[Records from a data collection]
* * * * * * *

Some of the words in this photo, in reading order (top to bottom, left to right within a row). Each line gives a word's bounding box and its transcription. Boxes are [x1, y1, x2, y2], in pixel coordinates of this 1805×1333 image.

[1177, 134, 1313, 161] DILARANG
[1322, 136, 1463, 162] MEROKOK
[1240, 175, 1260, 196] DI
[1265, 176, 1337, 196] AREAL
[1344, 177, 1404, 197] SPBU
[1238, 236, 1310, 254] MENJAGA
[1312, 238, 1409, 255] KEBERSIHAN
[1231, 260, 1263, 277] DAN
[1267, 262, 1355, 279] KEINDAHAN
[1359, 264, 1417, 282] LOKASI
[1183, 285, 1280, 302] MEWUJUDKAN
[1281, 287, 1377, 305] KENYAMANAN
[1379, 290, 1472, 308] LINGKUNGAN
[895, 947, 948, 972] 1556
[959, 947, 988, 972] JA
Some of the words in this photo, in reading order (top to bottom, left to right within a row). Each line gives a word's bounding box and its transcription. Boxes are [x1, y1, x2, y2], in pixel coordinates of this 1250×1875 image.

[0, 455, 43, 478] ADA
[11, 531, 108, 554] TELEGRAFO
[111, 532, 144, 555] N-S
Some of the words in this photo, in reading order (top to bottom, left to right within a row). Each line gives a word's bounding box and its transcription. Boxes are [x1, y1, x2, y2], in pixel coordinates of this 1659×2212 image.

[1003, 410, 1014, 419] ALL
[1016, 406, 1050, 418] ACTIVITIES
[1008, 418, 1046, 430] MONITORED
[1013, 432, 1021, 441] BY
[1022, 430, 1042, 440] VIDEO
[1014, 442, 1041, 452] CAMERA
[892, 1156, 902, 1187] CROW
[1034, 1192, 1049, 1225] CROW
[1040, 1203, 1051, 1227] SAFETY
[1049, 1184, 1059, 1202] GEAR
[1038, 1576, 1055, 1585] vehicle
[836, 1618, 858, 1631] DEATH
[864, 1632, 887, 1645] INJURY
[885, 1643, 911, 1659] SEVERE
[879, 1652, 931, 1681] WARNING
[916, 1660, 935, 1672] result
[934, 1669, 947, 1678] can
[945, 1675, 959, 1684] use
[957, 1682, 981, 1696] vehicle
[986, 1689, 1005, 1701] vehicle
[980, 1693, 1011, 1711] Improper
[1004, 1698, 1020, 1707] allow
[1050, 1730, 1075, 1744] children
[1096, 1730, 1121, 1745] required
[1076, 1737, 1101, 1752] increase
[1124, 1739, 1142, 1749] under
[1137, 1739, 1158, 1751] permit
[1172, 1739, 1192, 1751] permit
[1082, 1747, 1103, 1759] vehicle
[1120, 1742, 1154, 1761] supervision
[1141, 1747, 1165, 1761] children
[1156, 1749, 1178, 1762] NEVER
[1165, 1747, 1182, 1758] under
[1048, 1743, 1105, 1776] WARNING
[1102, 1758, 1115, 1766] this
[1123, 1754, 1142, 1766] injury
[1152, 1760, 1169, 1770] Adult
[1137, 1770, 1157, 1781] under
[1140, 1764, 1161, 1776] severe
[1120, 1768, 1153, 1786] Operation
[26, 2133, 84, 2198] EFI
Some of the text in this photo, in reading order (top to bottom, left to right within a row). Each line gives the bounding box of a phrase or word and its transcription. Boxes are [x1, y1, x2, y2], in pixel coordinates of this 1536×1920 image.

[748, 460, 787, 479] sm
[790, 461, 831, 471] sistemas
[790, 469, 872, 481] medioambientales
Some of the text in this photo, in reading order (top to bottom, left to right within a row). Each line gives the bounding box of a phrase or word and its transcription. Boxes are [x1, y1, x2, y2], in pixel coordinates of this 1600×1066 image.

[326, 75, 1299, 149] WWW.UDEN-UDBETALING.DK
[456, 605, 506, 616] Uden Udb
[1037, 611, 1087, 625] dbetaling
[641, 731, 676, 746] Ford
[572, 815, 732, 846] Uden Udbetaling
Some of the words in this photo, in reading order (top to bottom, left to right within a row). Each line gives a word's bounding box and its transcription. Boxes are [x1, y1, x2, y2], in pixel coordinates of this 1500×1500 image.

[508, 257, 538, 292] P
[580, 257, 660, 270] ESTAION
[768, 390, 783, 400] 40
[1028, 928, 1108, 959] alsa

* * * * * * *

→ Instructions to follow
Your task is to transcribe the line containing "this 1536×1920 image." and every line after it, through the last line of the data, exactly as written and with nothing more.

→ Exercise response
Some of the text in this photo, in reading order (top to bottom, left to right within a row). Each line gives the bounding box of a phrase or word and its transcription. Boxes are [x1, y1, x2, y2], in pixel coordinates of this 1536×1920 image.

[748, 460, 787, 479] sm
[790, 461, 831, 471] sistemas
[790, 469, 872, 481] medioambientales
Some of the text in this photo, in reading order (top to bottom, left to right within a row). Each line gives the bounding box of a phrase or word and its transcription. Boxes are [x1, y1, x2, y2], in pixel coordinates of this 1600×1066 image.

[326, 75, 1299, 149] WWW.UDEN-UDBETALING.DK
[456, 605, 506, 616] Uden Udb
[1037, 611, 1087, 625] dbetaling
[641, 731, 676, 746] Ford
[572, 815, 732, 846] Uden Udbetaling
Some of the words in this photo, in reading order (top to bottom, left to right within a row). Each line gives a word's bounding box and its transcription. Boxes are [x1, y1, x2, y2], in pixel coordinates of this 1500×1500 image.

[508, 257, 538, 292] P
[580, 257, 660, 270] ESTAION
[768, 390, 783, 400] 40
[1028, 928, 1108, 959] alsa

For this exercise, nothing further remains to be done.